* Problem to solve
Would it be possible to copy exactly the lines from the one containing "Some of the text" to the end of the entries, including both and nothing else?

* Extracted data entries
------------------------------

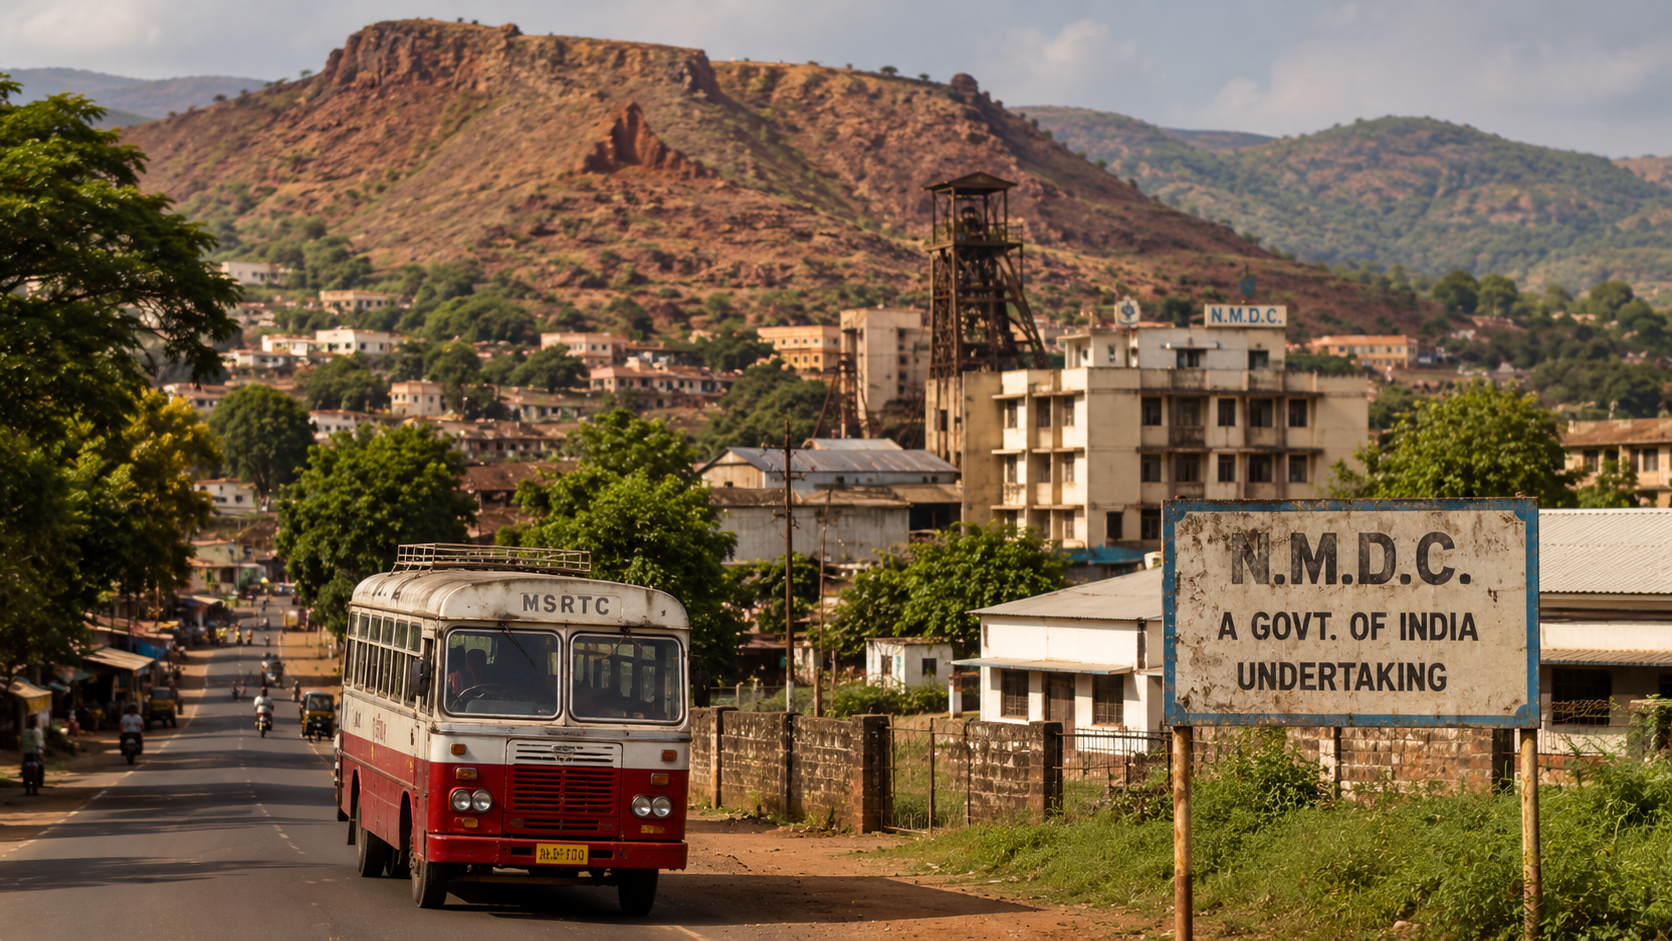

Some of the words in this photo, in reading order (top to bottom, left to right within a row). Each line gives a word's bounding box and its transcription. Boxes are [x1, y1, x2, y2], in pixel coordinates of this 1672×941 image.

[1211, 307, 1282, 324] N.M.D.C.
[1231, 531, 1471, 586] N.M.D.C.
[522, 594, 610, 615] MSRTC
[1217, 612, 1238, 640] A
[1251, 612, 1337, 641] GOVT.
[1350, 612, 1387, 641] OF
[1400, 612, 1479, 641] INDIA
[1237, 662, 1448, 692] UNDERTAKING
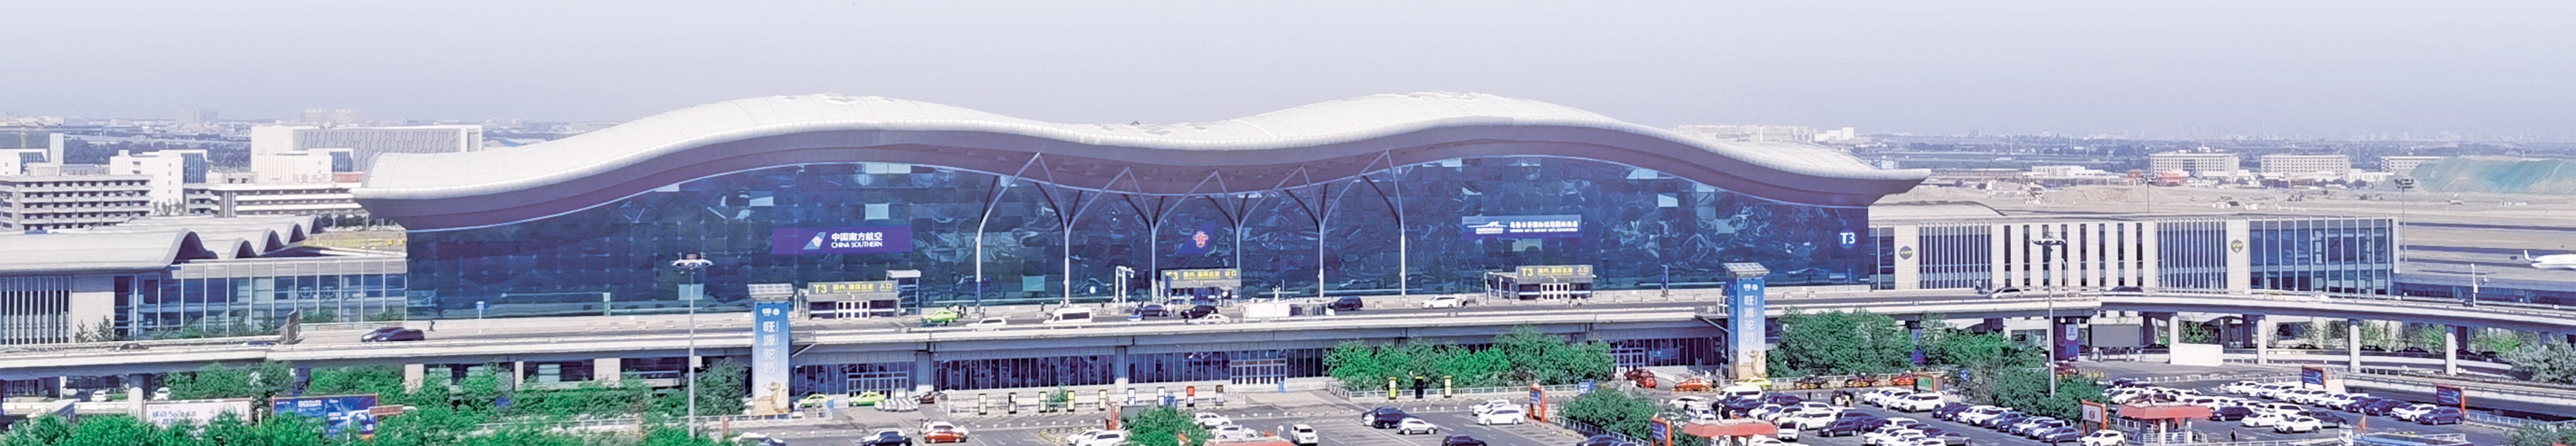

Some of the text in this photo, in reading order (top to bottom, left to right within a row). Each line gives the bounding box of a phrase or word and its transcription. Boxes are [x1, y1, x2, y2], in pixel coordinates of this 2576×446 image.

[831, 232, 882, 241] 中国南方航空
[1840, 232, 1855, 244] T3
[1521, 268, 1534, 277] T3
[813, 284, 828, 293] T3
[1744, 295, 1755, 343] 旺源驼奶
[763, 321, 776, 374] 旺源驼奶

------------------------------

* Answer space
Some of the text in this photo, in reading order (top to bottom, left to right within a row). Each line gives the bounding box of a phrase or word and its transcription. Boxes are [x1, y1, x2, y2], in pixel coordinates of this 2576×446 image.

[831, 232, 882, 241] 中国南方航空
[1840, 232, 1855, 244] T3
[1521, 268, 1534, 277] T3
[813, 284, 828, 293] T3
[1744, 295, 1755, 343] 旺源驼奶
[763, 321, 776, 374] 旺源驼奶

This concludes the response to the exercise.